# [Assignment]
Transcribe each of the records below exactly, excluding all pictures.

# [Records for this exercise]
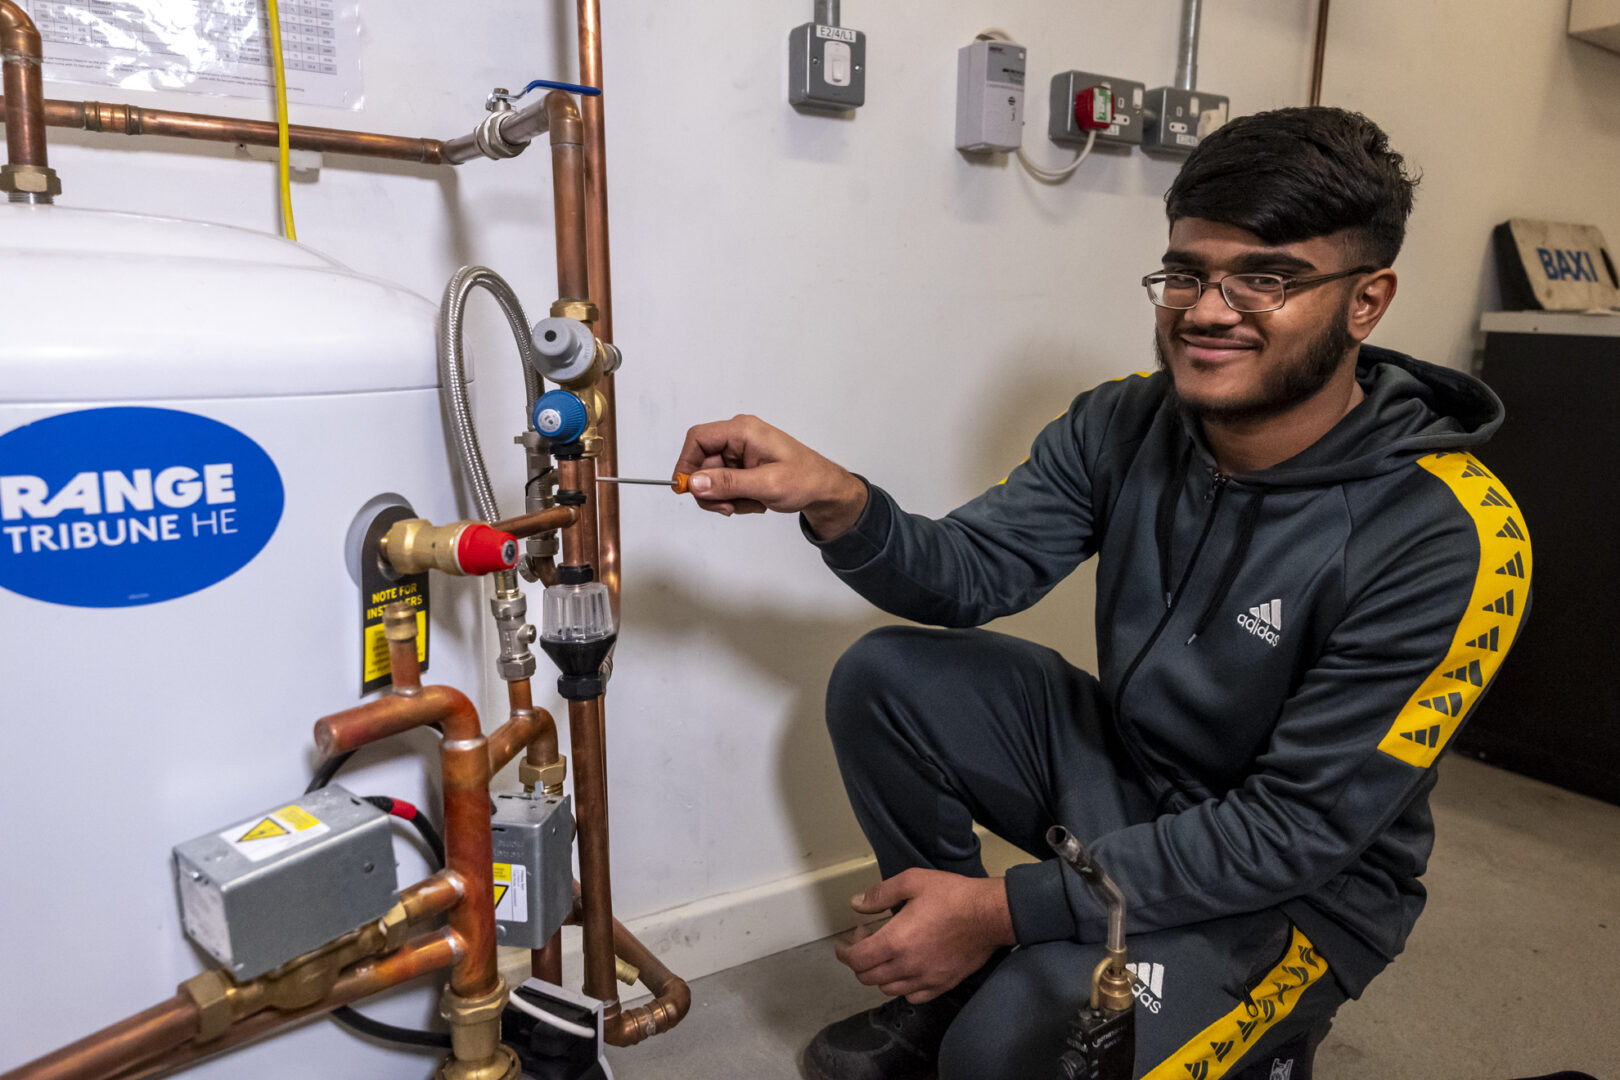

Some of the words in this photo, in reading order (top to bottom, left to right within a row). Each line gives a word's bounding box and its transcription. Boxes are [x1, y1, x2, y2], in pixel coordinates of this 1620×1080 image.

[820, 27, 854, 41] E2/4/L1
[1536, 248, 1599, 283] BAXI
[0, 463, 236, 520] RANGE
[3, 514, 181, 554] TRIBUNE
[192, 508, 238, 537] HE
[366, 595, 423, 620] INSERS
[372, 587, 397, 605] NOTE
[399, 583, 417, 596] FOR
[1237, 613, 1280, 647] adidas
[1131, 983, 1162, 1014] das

# [Response to the task]
Some of the words in this photo, in reading order (top to bottom, left to right within a row). Each line gives a word's bounding box and its transcription. Boxes are [x1, y1, x2, y2], in pixel coordinates of this 1620×1080 image.

[820, 27, 854, 41] E2/4/L1
[1536, 248, 1599, 283] BAXI
[0, 463, 236, 520] RANGE
[3, 514, 181, 554] TRIBUNE
[192, 508, 238, 537] HE
[366, 595, 423, 620] INSERS
[372, 587, 397, 605] NOTE
[399, 583, 417, 596] FOR
[1237, 613, 1280, 647] adidas
[1131, 983, 1162, 1014] das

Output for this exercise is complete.